Vegeta ran off to fetch said kids, and his cousin Kakarot strode over to the younger girl with the bread knife. He wrapped an arm around her waist as he bent to kiss her. 

“Who’s your friend?” The girl smiled warmly, and nodded her chin at Bulma.

“Oh! This is Vegeta’s friend, actually.”

“Wow!” The woman at the saucepan smirked as she looked Bulma over. “Aren’t you a doll? My nephew’s never brought a girl home to meet the family. We were starting to wonder.”

“Well… We _just met_ on the D train. He saved me from a mugger. Technically, Kakarot invited me for dinner,” Bulma admitted with a wink toward the tall, affable guy.  


*****

****Prompt 2: PROTECTION****

Vegeta wrenched open the sticky door and stepped onto the small brick patio. It snapped shut behind him with a thwack. Raditz didn’t look up. He was busy rolling a cigarette at the table, and the kids were…

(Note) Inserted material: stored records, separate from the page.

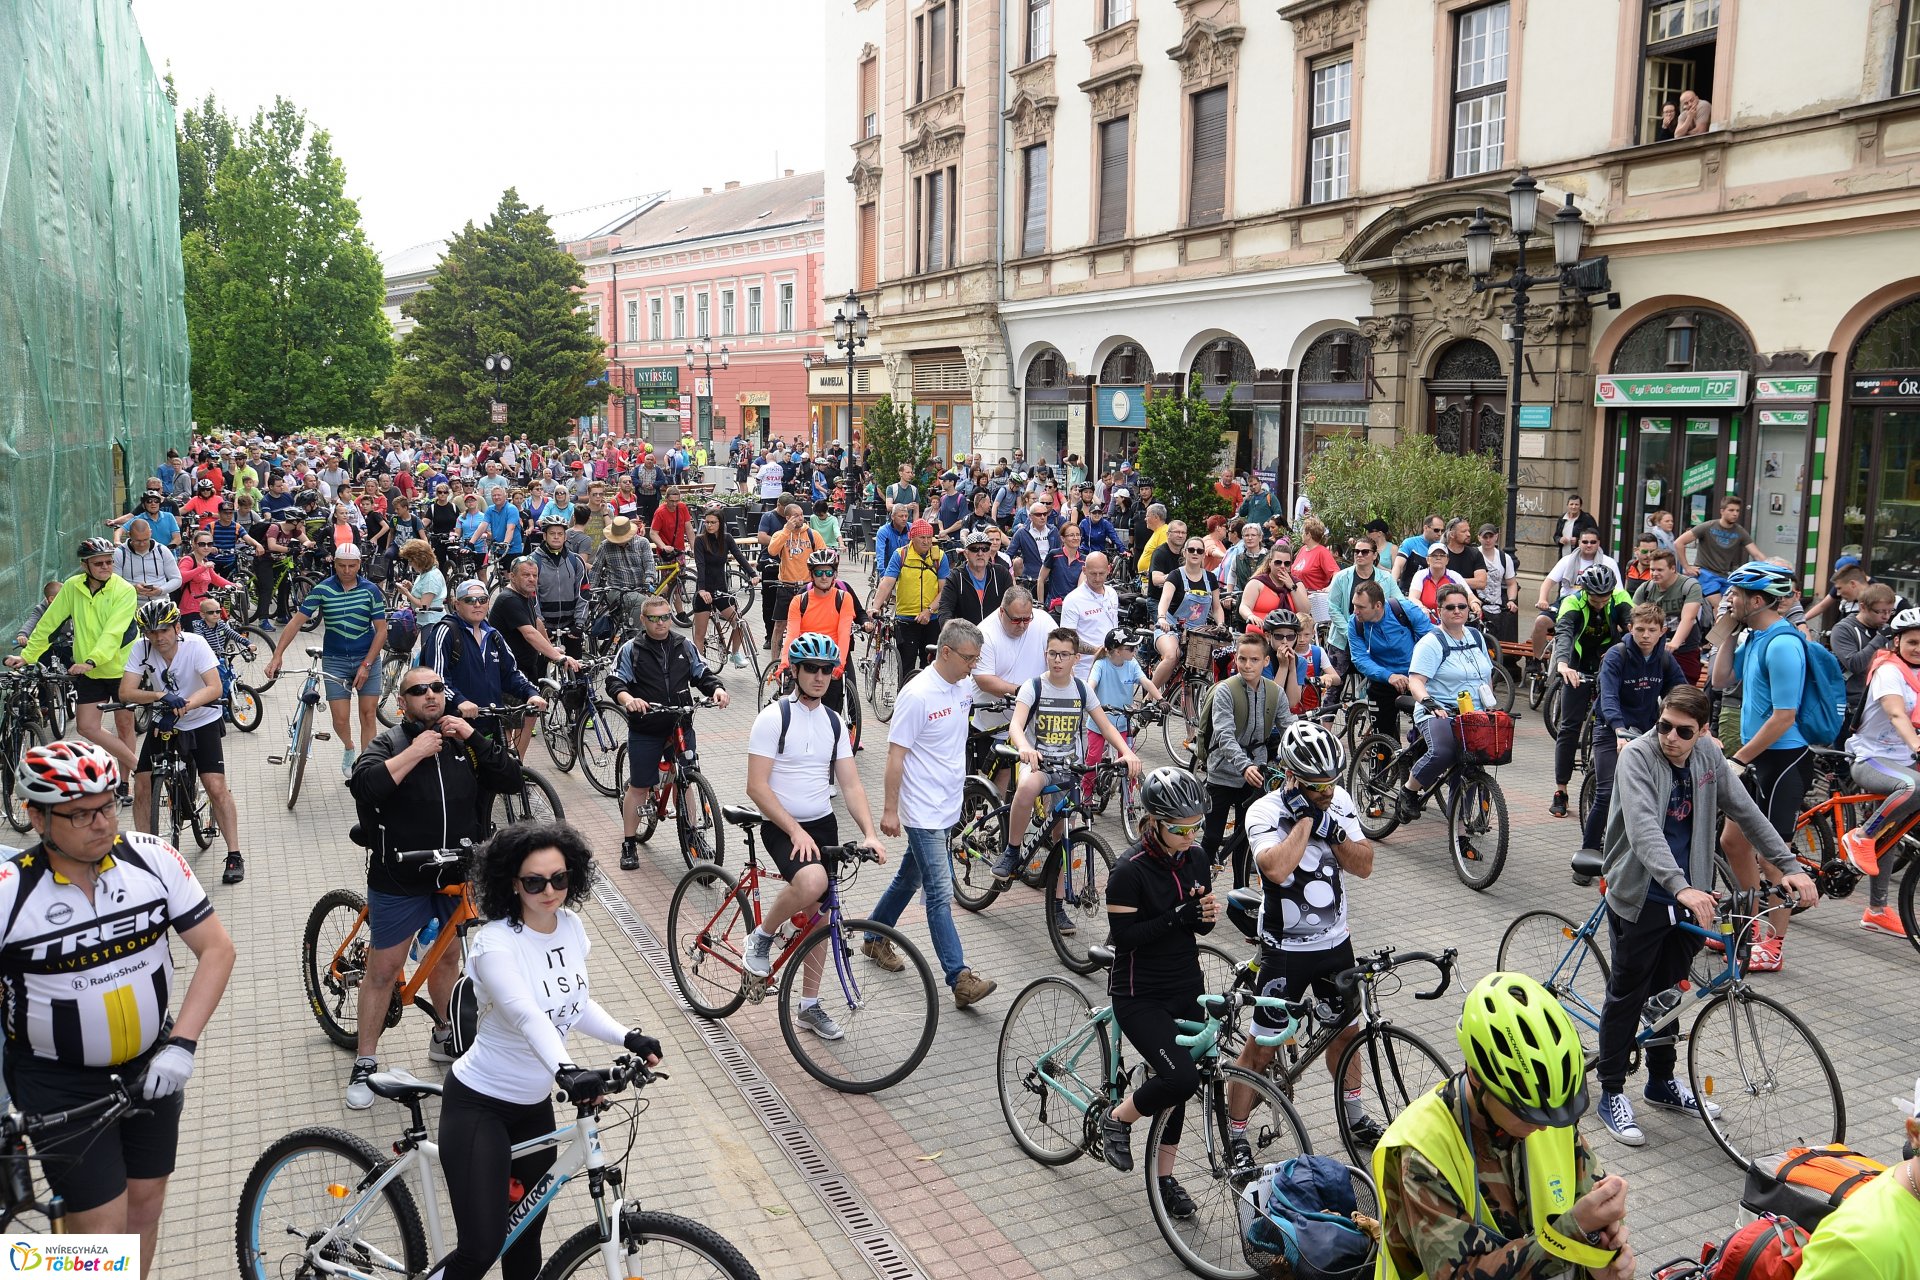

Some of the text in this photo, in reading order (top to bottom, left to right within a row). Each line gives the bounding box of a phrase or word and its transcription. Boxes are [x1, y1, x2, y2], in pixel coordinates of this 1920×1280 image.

[638, 368, 673, 382] NYÍRSÉG
[1665, 383, 1700, 395] Centrum
[1705, 381, 1733, 395] FDF
[1797, 384, 1813, 393] FDF
[1898, 378, 1920, 395] ÓR
[1792, 413, 1806, 421] FDF
[1694, 422, 1709, 430] FDF
[1085, 607, 1102, 616] STAFF
[928, 707, 952, 721] STAFF
[1038, 714, 1080, 733] STREET
[133, 834, 161, 846] THE
[20, 904, 167, 961] TREK
[546, 947, 565, 969] IT
[1505, 1026, 1530, 1074] ROCKRIDER

“What the fuck!? Tarble! Put down the fucking gun!” 

His brother sheepishly lowered the weapon he’d been pointing at Gohan in a game of cops and… mobsters, probably. 

“You ain’t watching them?”

“Yeah, I was.” Raditz shrugged. “They’re fine. He’s what, sixteen? Kid’s gotta learn to protect himself.”

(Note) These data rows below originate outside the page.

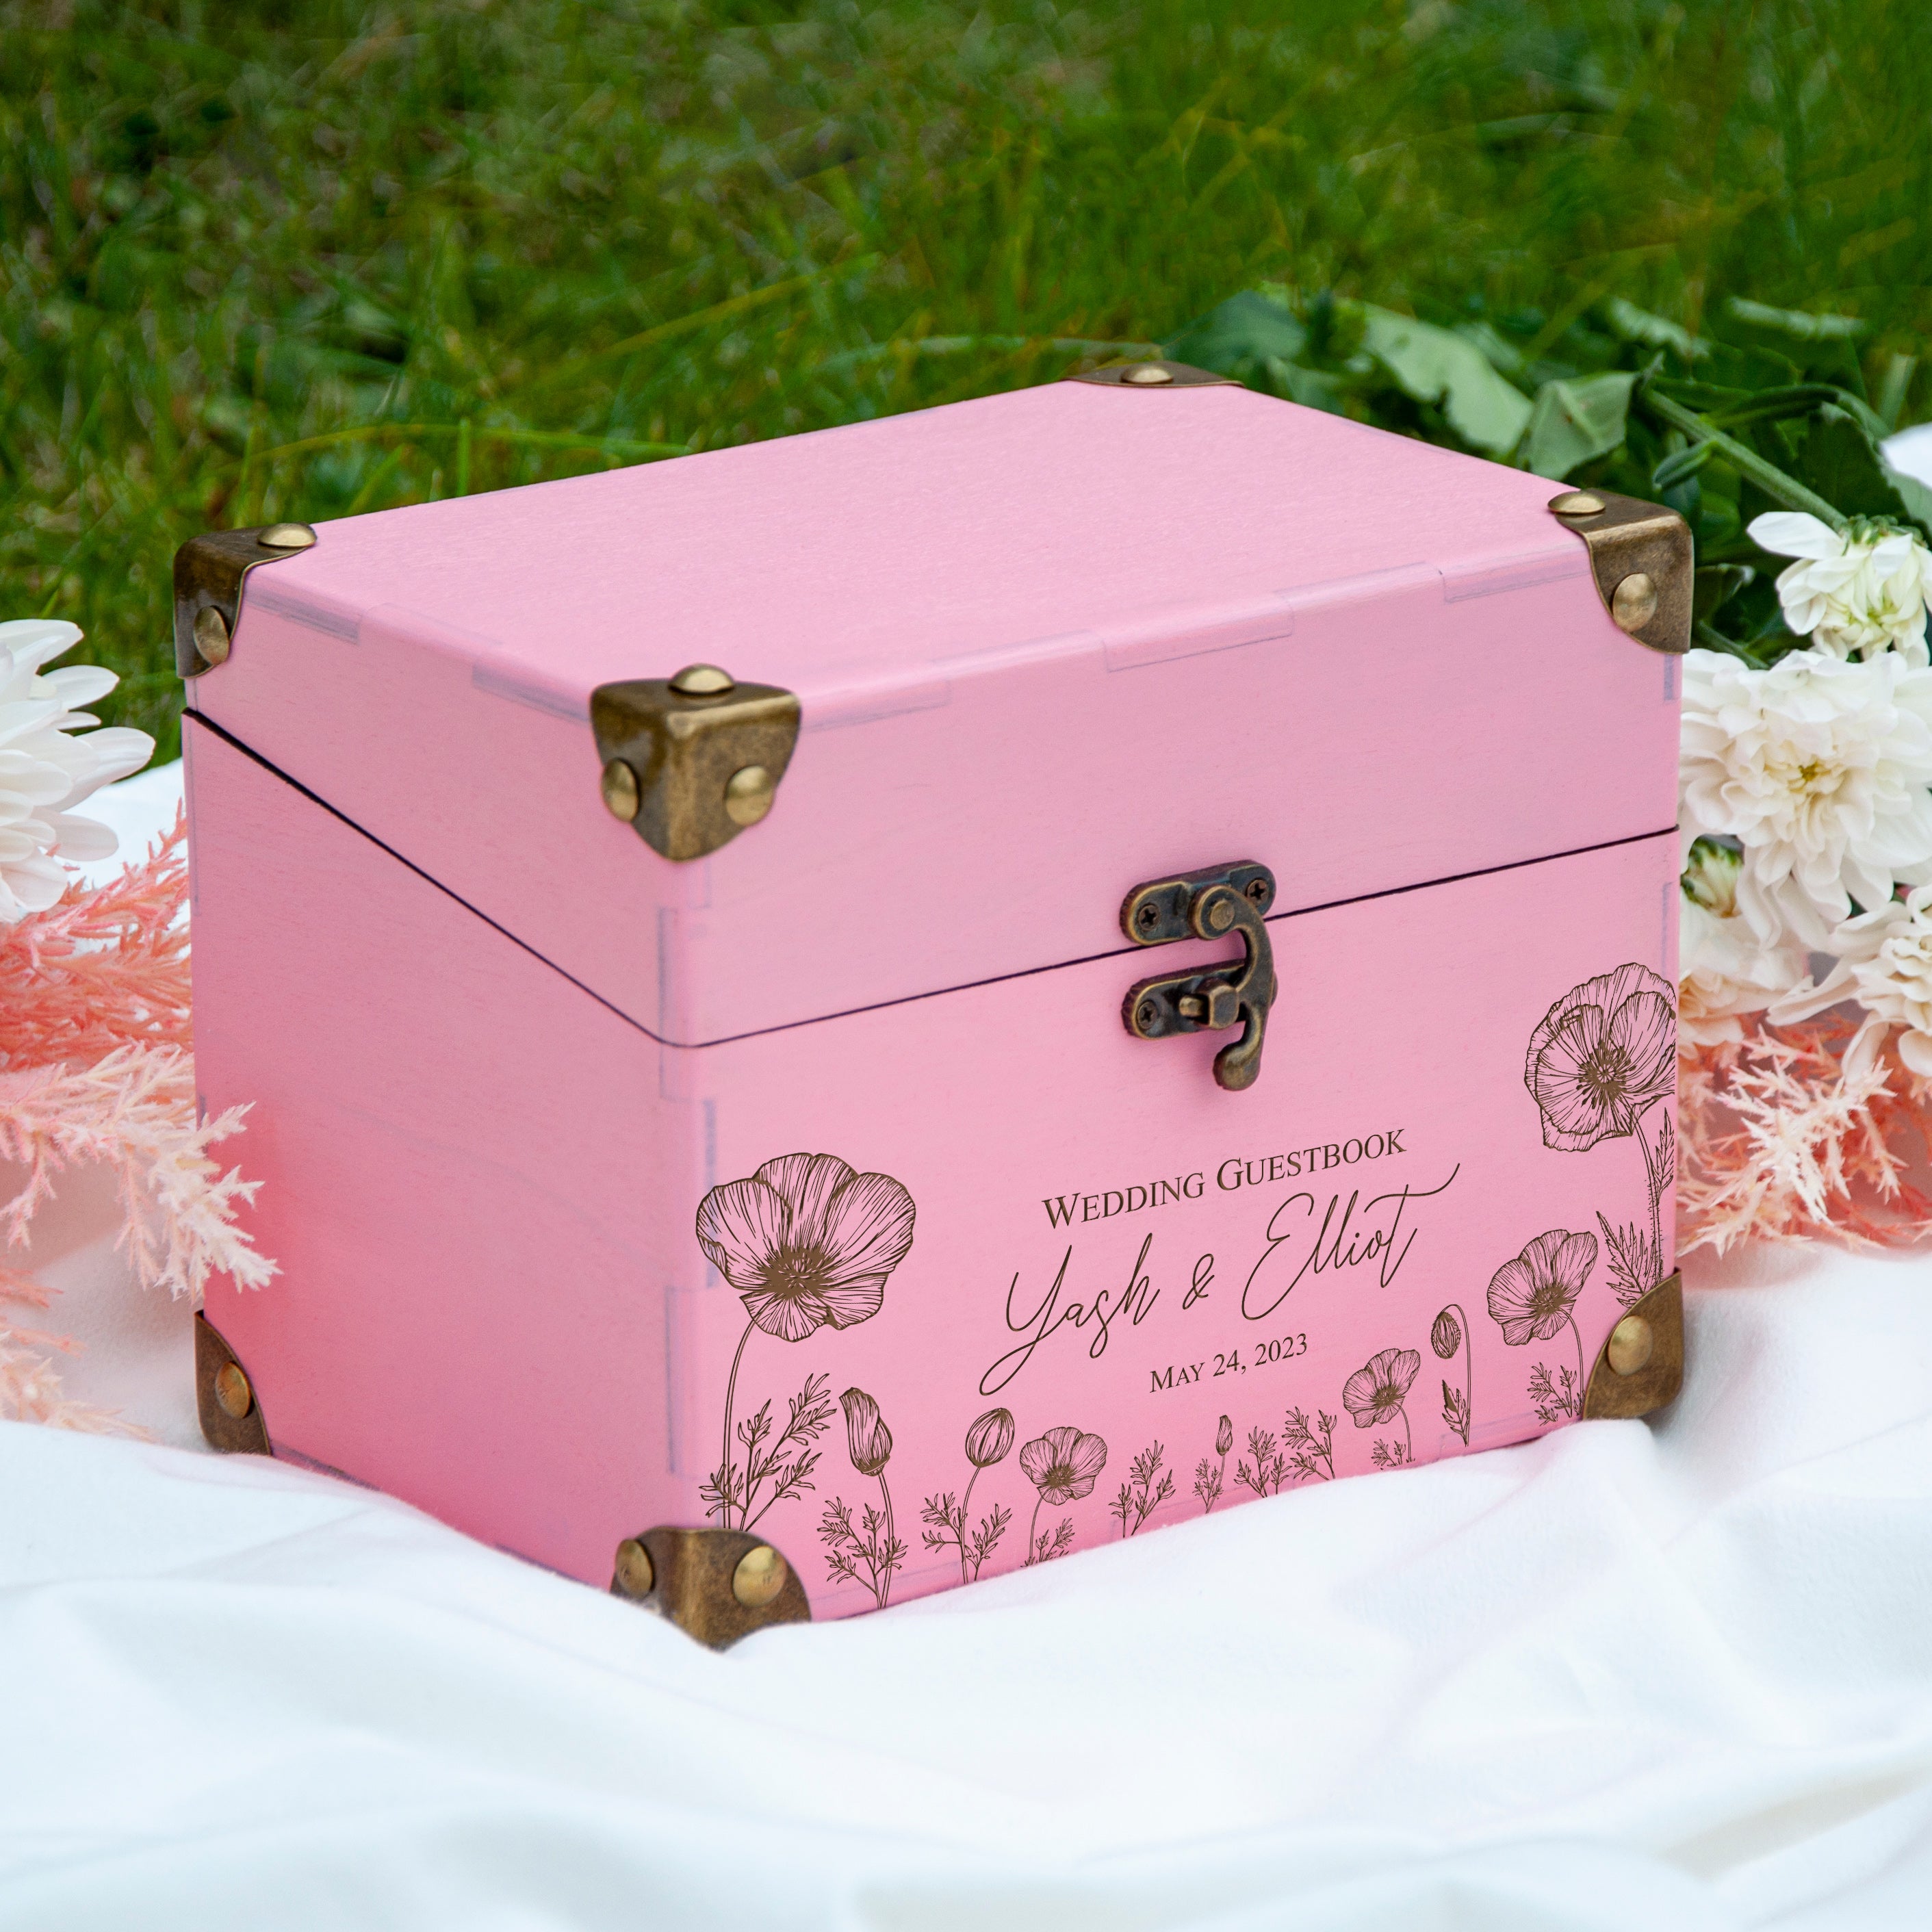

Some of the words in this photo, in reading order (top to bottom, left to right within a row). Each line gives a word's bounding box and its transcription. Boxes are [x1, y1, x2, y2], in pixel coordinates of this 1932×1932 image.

[1041, 1170, 1205, 1229] WEDDING
[1215, 1128, 1408, 1192] GUESTBOOK
[979, 1233, 1161, 1397] Yash
[1182, 1253, 1215, 1310] &
[1241, 1163, 1460, 1321] Elliot
[1149, 1361, 1205, 1393] MAY
[1212, 1349, 1247, 1377] 24,
[1254, 1332, 1308, 1367] 2023

“He’s twelve, you moron. And I protect him,” Vegeta said, with a tap of his fist against his sternum.

*****

****Prompt 3: TERRITORY****

Kakarot dragged a piece of bread across his plate, painting it with homemade marinara. “Where’s pop?” He asked his mother. 

“Cleaning up your bother’s mess in Brighton Beach.” She looked up from the expert twirl of noodles against her spoon, glaring at the big man with the big hair.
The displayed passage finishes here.